— TASK DESCRIPTION —
Reproduce, exactly as they appear, the line containing "Some of the words" and every line after it, ending with the last line of the records.

— DATA SHOWN —
--- START ---

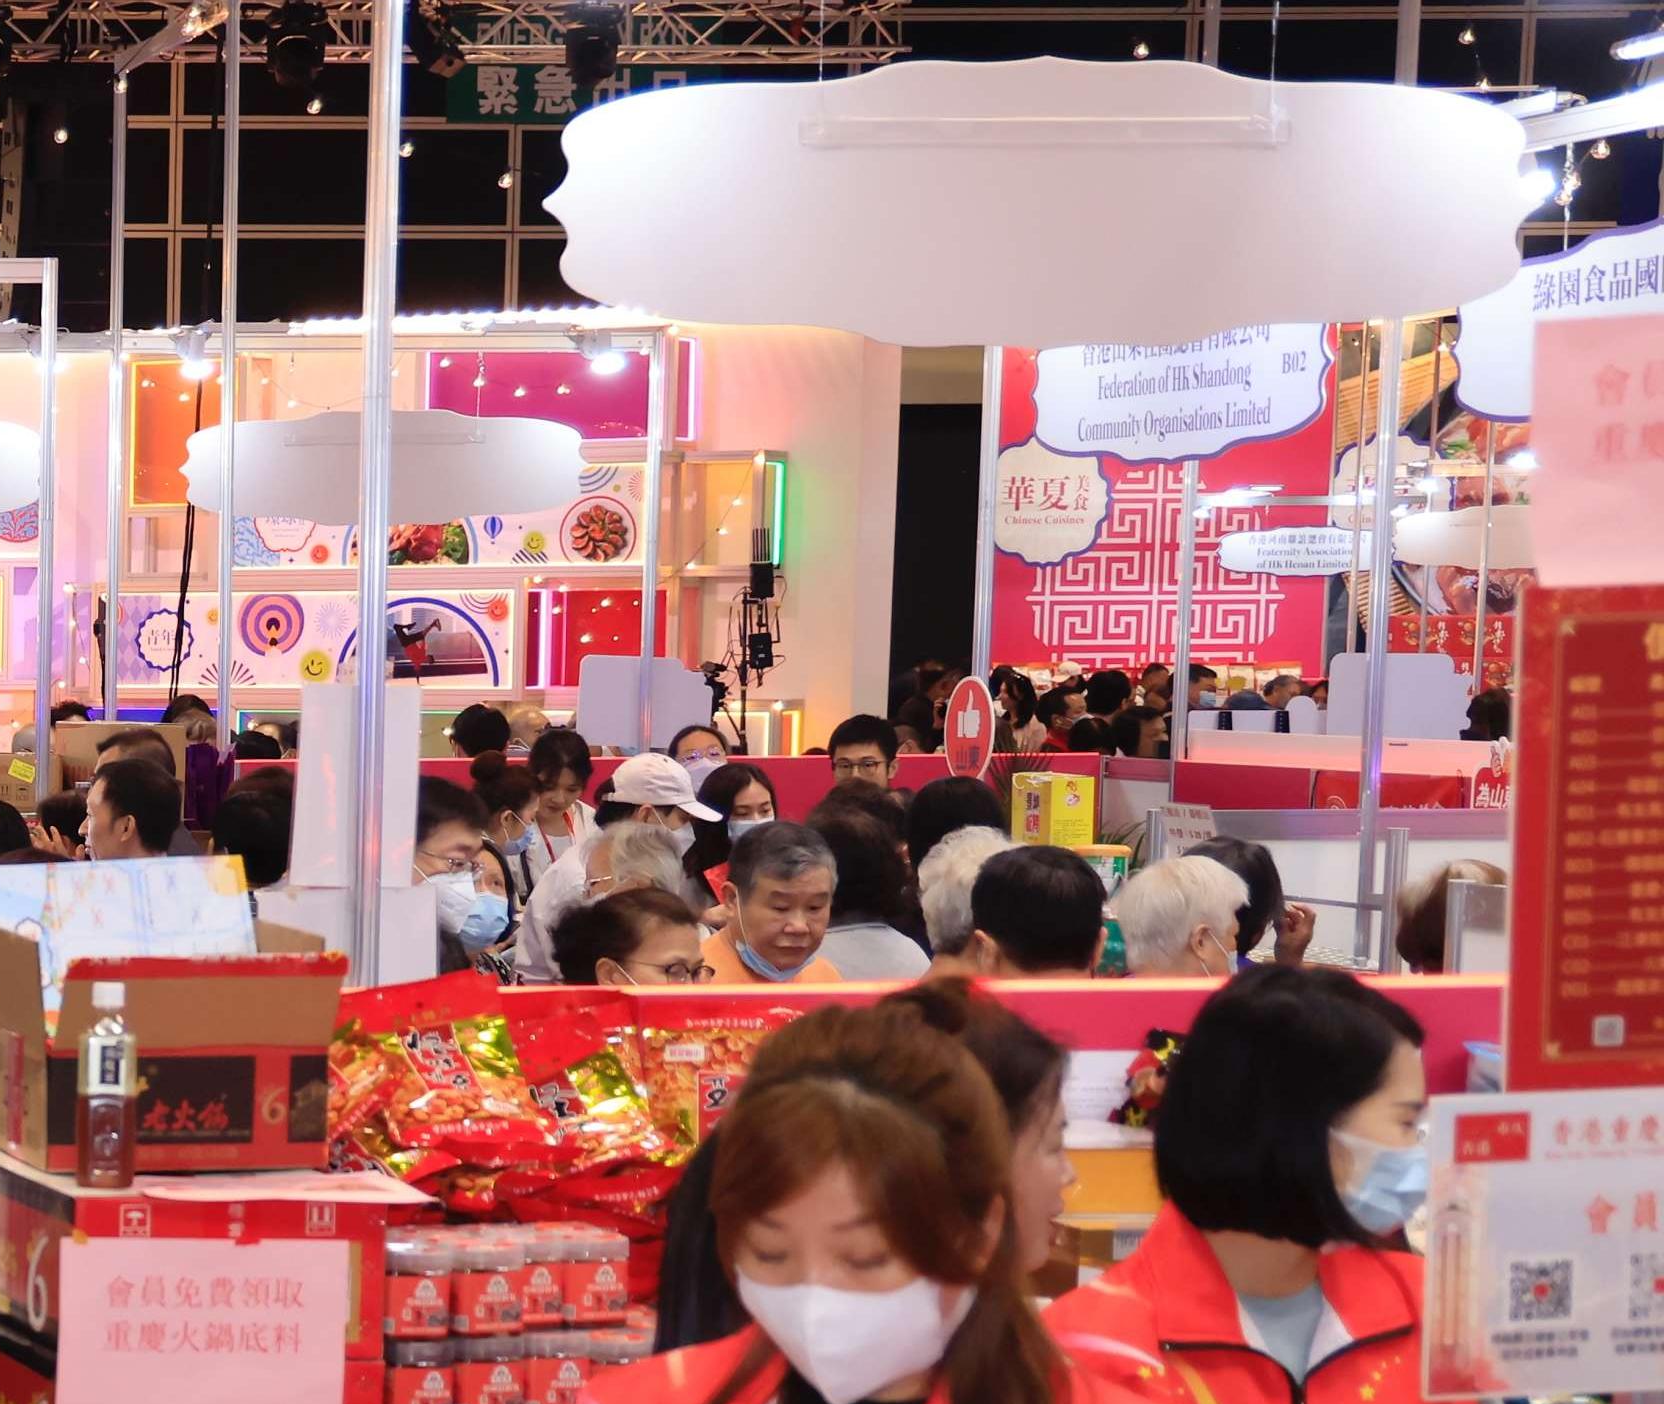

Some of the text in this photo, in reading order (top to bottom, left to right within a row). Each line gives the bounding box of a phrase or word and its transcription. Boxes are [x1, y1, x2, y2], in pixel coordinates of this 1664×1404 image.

[1532, 254, 1664, 312] 綠園食品國
[1097, 359, 1252, 401] Federation of HK Shandong
[1281, 351, 1307, 374] B02
[1077, 396, 1272, 445] Community Organisations Limited
[1001, 475, 1071, 511] 華夏
[1074, 474, 1090, 511] 美食
[1004, 514, 1086, 525] Chinese Cuisines
[1256, 559, 1267, 570] of
[1284, 560, 1315, 569] Henan
[1316, 559, 1353, 569] Limited
[1257, 547, 1301, 558] Fraternity
[260, 1086, 288, 1125] 6
[26, 1234, 51, 1333] 6
[106, 1275, 306, 1311] 會員免費領取
[103, 1320, 304, 1356] 重慶火鍋底料
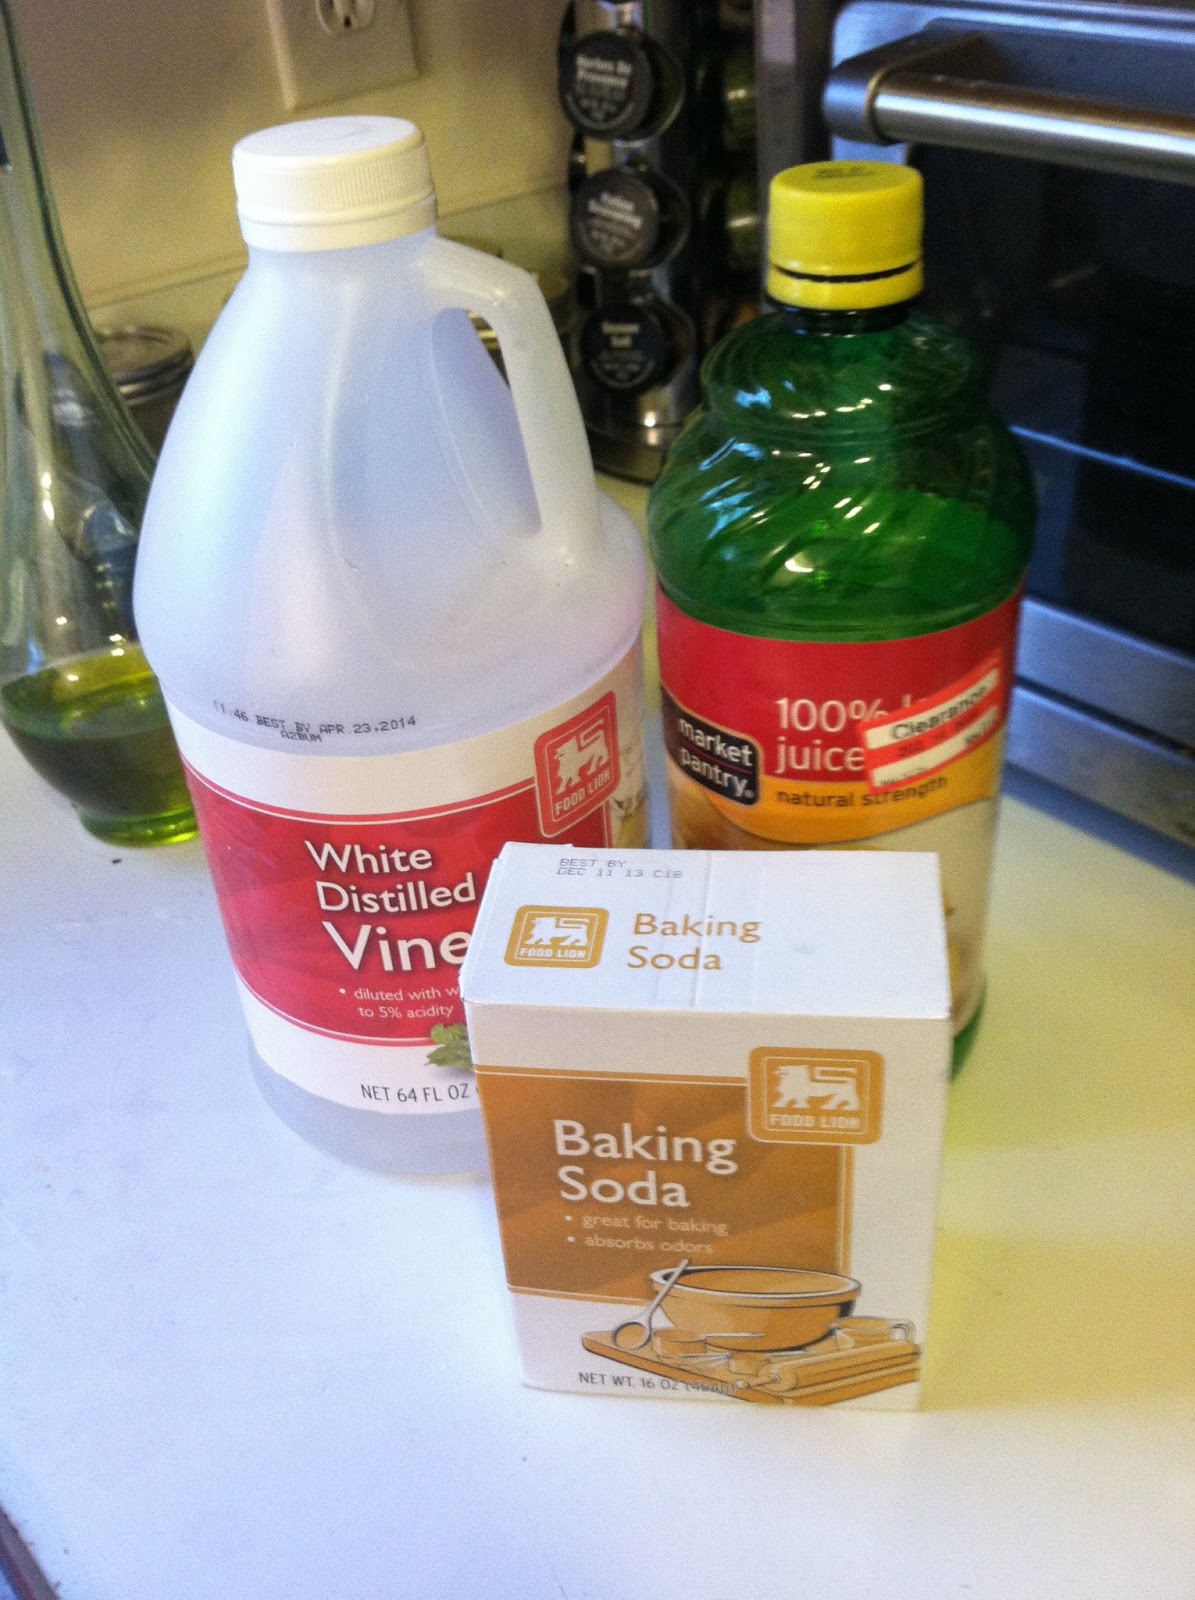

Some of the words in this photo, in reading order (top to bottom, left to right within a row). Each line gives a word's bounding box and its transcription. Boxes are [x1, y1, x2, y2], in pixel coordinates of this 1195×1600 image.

[255, 714, 286, 729] BEST
[295, 721, 311, 732] BY
[319, 724, 345, 734] APR
[774, 697, 889, 732] 100%
[679, 717, 753, 767] market
[774, 735, 865, 774] juice
[554, 787, 586, 816] FOOD
[776, 790, 855, 807] natural
[861, 776, 948, 806] strength
[304, 840, 433, 874] White
[559, 858, 598, 867] BEST
[607, 859, 628, 868] BY
[557, 867, 587, 876] DEC
[597, 868, 614, 877] 11
[316, 872, 476, 913] Distilled
[633, 912, 762, 944] Baking
[519, 947, 553, 959] FOOD
[556, 948, 586, 960] LION
[627, 946, 723, 970] Soda
[354, 987, 404, 1000] diluted
[408, 986, 442, 1000] with
[358, 1007, 374, 1018] to
[379, 1006, 402, 1019] 5%
[407, 1004, 454, 1018] acidity
[360, 1083, 390, 1101] NET
[397, 1087, 418, 1102] 64
[422, 1086, 443, 1101] FL
[448, 1082, 471, 1100] OZ
[770, 1113, 815, 1128] FOOD
[819, 1115, 861, 1129] LION
[554, 1119, 739, 1175] Baking
[558, 1165, 691, 1208] Soda
[583, 1215, 631, 1229] great
[636, 1215, 663, 1230] for
[667, 1218, 729, 1237] baking
[585, 1234, 655, 1250] absorbs
[660, 1239, 714, 1253] odors
[578, 1372, 607, 1385] NET
[640, 1377, 656, 1389] 16
[660, 1379, 682, 1390] OZ

--- END ---

— RESPONSE —
Some of the words in this photo, in reading order (top to bottom, left to right within a row). Each line gives a word's bounding box and its transcription. Boxes are [x1, y1, x2, y2], in pixel coordinates of this 1195×1600 image.

[255, 714, 286, 729] BEST
[295, 721, 311, 732] BY
[319, 724, 345, 734] APR
[774, 697, 889, 732] 100%
[679, 717, 753, 767] market
[774, 735, 865, 774] juice
[554, 787, 586, 816] FOOD
[776, 790, 855, 807] natural
[861, 776, 948, 806] strength
[304, 840, 433, 874] White
[559, 858, 598, 867] BEST
[607, 859, 628, 868] BY
[557, 867, 587, 876] DEC
[597, 868, 614, 877] 11
[316, 872, 476, 913] Distilled
[633, 912, 762, 944] Baking
[519, 947, 553, 959] FOOD
[556, 948, 586, 960] LION
[627, 946, 723, 970] Soda
[354, 987, 404, 1000] diluted
[408, 986, 442, 1000] with
[358, 1007, 374, 1018] to
[379, 1006, 402, 1019] 5%
[407, 1004, 454, 1018] acidity
[360, 1083, 390, 1101] NET
[397, 1087, 418, 1102] 64
[422, 1086, 443, 1101] FL
[448, 1082, 471, 1100] OZ
[770, 1113, 815, 1128] FOOD
[819, 1115, 861, 1129] LION
[554, 1119, 739, 1175] Baking
[558, 1165, 691, 1208] Soda
[583, 1215, 631, 1229] great
[636, 1215, 663, 1230] for
[667, 1218, 729, 1237] baking
[585, 1234, 655, 1250] absorbs
[660, 1239, 714, 1253] odors
[578, 1372, 607, 1385] NET
[640, 1377, 656, 1389] 16
[660, 1379, 682, 1390] OZ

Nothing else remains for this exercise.